I’ve criticized the always-fascinating David Byrne in the
past for some of his public proclamations about the music business. In 2006-2007 he was wondering aloud whether
record companies were necessary in the digital age, which is a good thing to
wonder about. He spoke intelligently
about various alternative business models, and was an early innovator in using
the internet to connect directly with his fans.
As with his music, he wasn’t afraid to try new and different
things. Some things work, some
don’t. That’s how art and business move
along.
In 2012 he
complained about record companies sticking DRM (digital rights management,
digital goo that keep consumers from transferring files around their devices
and to their friends) on his music, claiming he shelved an album for over a
year until his record company agreed to release it DRM-free (These days most
every digital file you buy is DRM-free; the record companies after a decade of
clownish and despicable behavior, have quietly given up, for now).
Then, in
2013, he got weird, not in that charming David Byrne weird way, but in a
post-modern “got offa my lawn” weird way.
He pulled much of his catalog off of Spotify, which at the time had been
available in the US for barely a year.
In a bizarre op-ed in The Guardian
he announced that “the internet will suck all the creative content out of the
world.” What?
Last week
the New York Times ran another Byrne
op-ed, and I thought uh-oh. Turns out he
nails it, it’s worth reading, and it focuses on the Big Problem in the music
biz today. And that’s the total lack of
transparency in how money gets to artists with streaming services. In order for Spotify, the new Apple Music
(which appears to be failing), Jay-Z’s Tidal (which is failing) and the rest of
the streaming services to get major label catalogs, they’ve had to shell out
hefty advances and give away large chucks of their companies, or at least large
chucks of their profits, to the major labels.
How big, how much? We don’t know,
because the agreements are confidential.
Byrne, to
his credit, doesn’t blame the streaming services for this, like so many other
artists have done. He actually says nice
things about Spotify. Instead, he blames
the labels, who have a history of being greedy and corrupt, and who haven’t
changed their stripes in the digital age.

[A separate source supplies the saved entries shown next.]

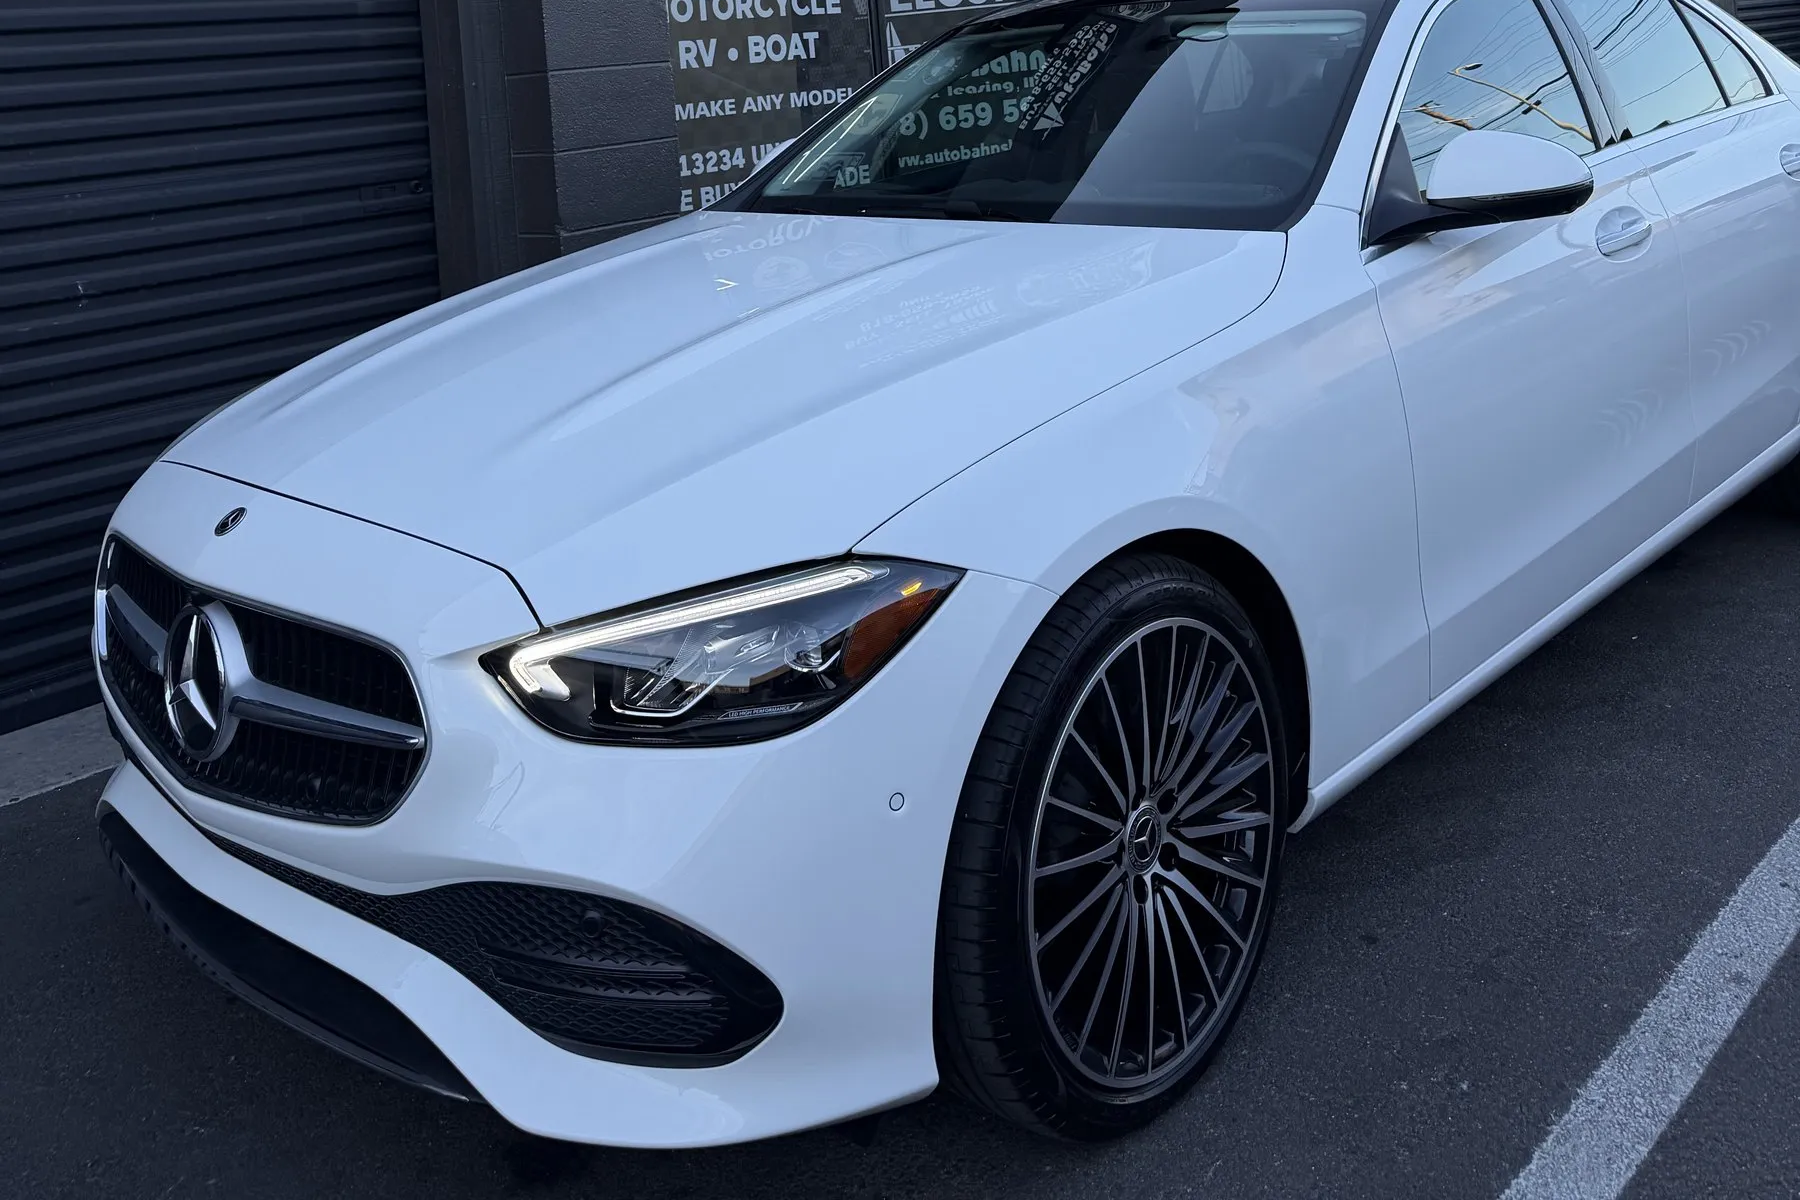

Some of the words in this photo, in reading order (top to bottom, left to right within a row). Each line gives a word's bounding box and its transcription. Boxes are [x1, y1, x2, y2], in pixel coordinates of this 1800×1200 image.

[678, 38, 717, 70] RV
[747, 31, 820, 64] BOAT
[674, 98, 737, 121] MAKE
[742, 93, 784, 113] ANY
[938, 101, 993, 131] 659
[679, 147, 746, 177] 13234

The services needed to leverage their companies and profits to get the
major label’s back catalogs, otherwise it would be game over. But did these huge advances get shared with
artists, and if they did, how? Spotify famously claims that 70% of its revenue
goes to rights holders as royalties, but in most cases the rights holders are
record companies. How much of that gets
to the artists? Despite numerous
lawsuits that have found that some artists should get 50% of the record
companies’ share, it appears many artists are getting the 15% or so they got
under traditional record contracts.
Which made sense when the record companies manufactured disks, printed
sleeves, stored them in warehouses, and trucked them to stores. It makes absolutely no sense today, when all
the record company has to do is transmit a digital file to Spotify, Apple, etc.
and then sit back and wait for the checks to arrive.
And how
about the money the companies get from their equity stakes in the streaming
services? How much of Spotify’s 30% goes
back to the record companies? Isn’t
this, in a very real sense, double dipping?

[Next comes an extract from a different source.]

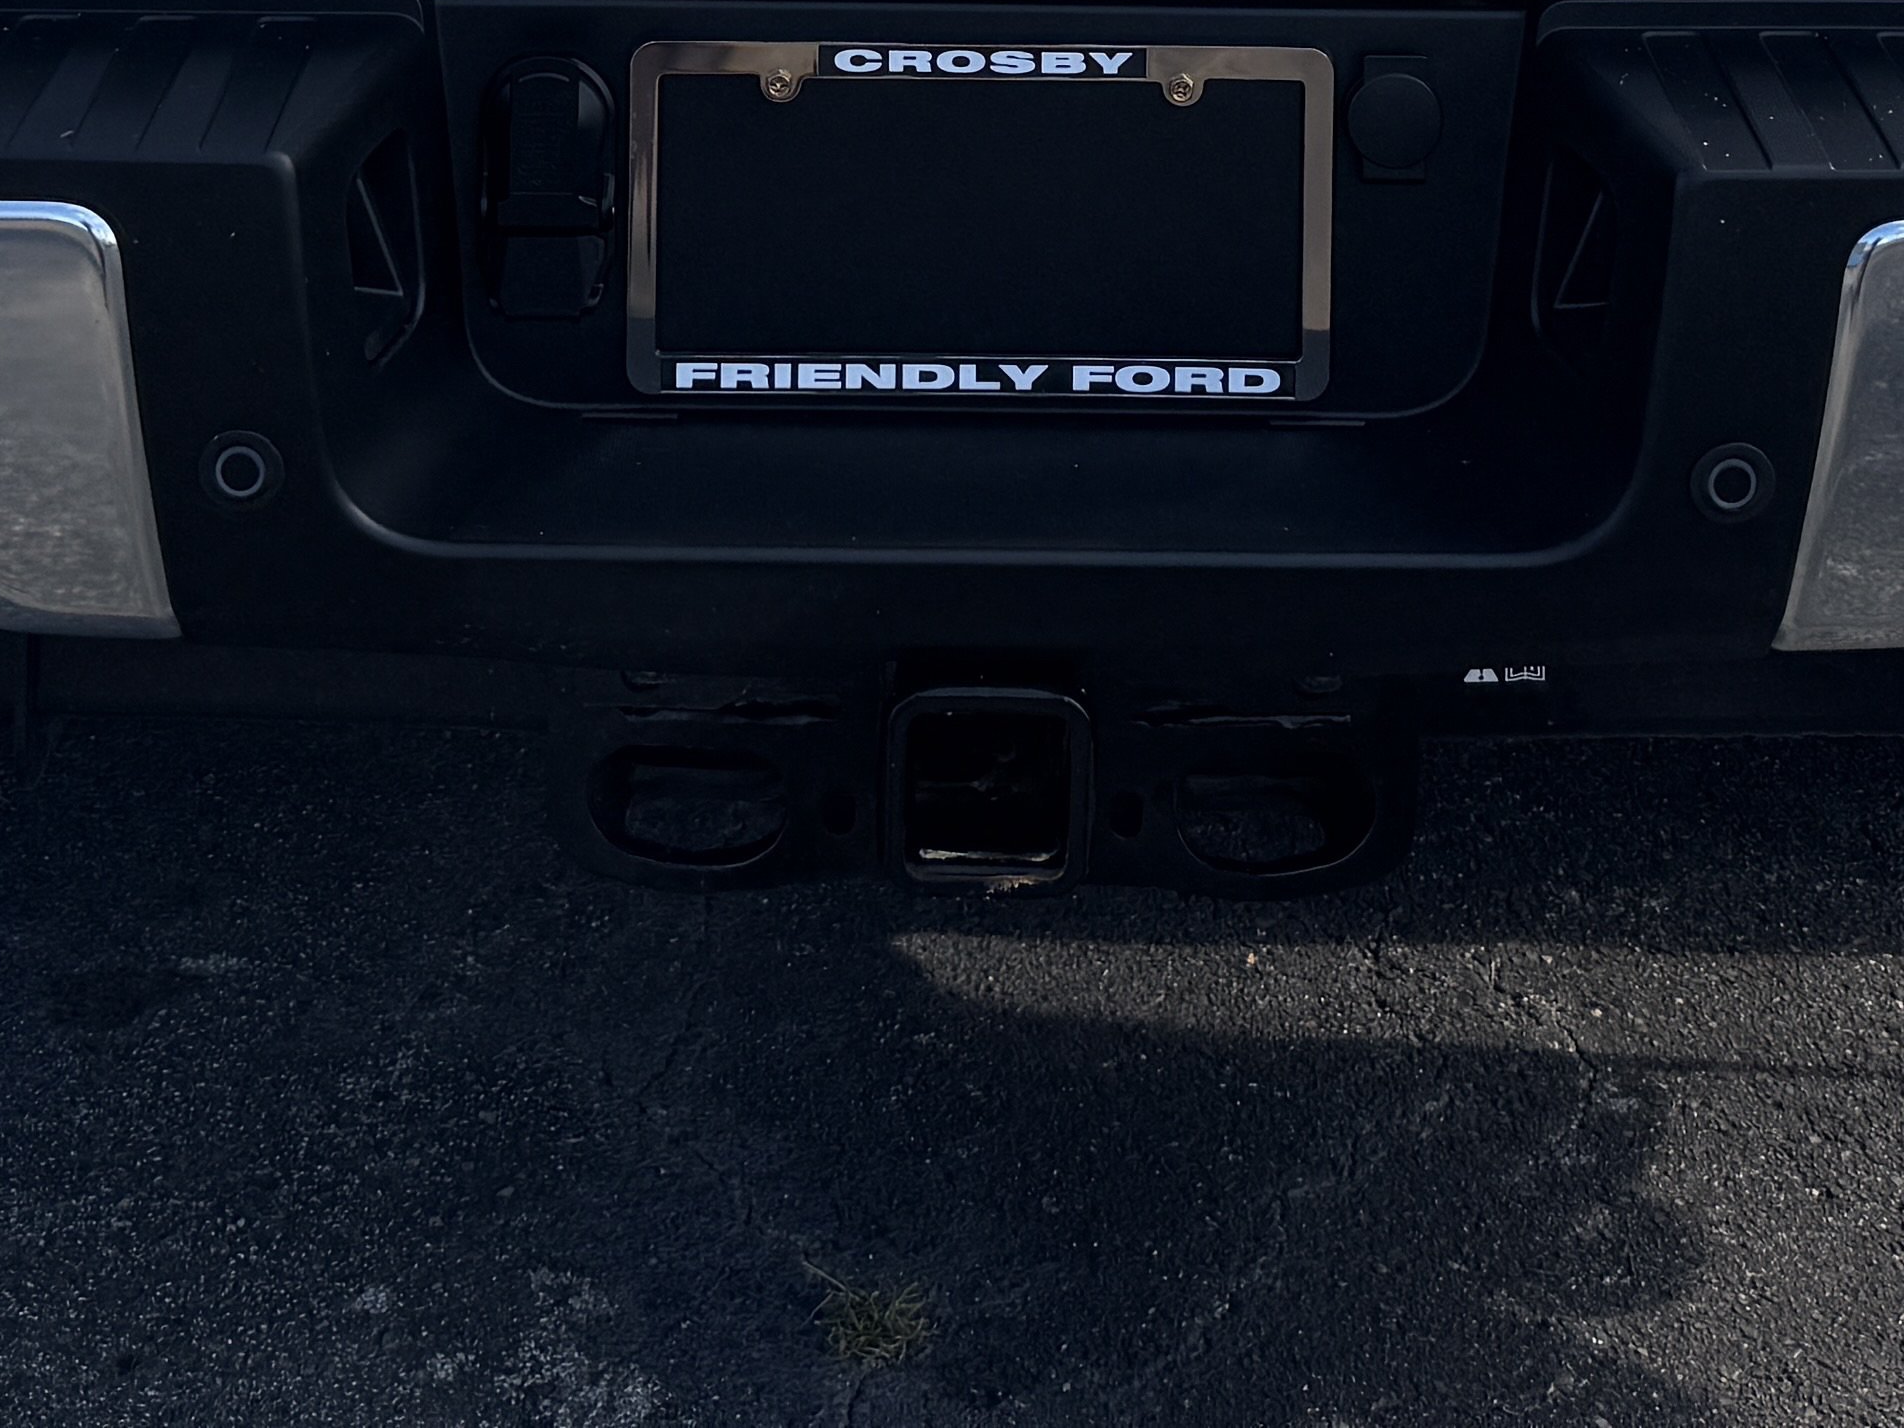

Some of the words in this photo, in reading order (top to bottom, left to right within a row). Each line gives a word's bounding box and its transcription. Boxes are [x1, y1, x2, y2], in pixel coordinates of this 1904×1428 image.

For me, Byrne’s penultimate question was this: Why was it up to Taylor
Swift, and not the record companies, to demand that Apple pay royalties for the
three-month free streaming period? What
was the labels’ stake allowing their artists’ music to be given away?
And there’s
YouTube, which you might be interested to know is by far the biggest portal of streaming
music in the world. How much of their ad
revenue goes to rights holders, and where does that money go? We don’t know.
And then
there is the significant inference that the major labels, with all their
bargaining power, are undoubtedly getting a better deal than independent labels
and individual artists trying to slog through the digital new world.
Byrne lists
his efforts to find out, and this would be comical if it weren’t so sad. Doors slammed in his face, calls
unanswered. Turns out much of what we
know is from leaks, including the big Sony leak from last year.
I get
royalty statements for my band. Five
years ago it was pretty clear what they meant—we sold x number of downloads and
got y dollars for it. Now I get
statements showing pennies here and there from this service and that service,
some I’ve never heard of. I just got a
check in the mail for 3 cents. Dunno
what the hell that’s about.
And of
course the labels are to blame. Meet the
new boss… same as it ever was.
Paul Rapp is an
entertainment lawyer and musician who lives in the woods and needs a damn good
reason to come out.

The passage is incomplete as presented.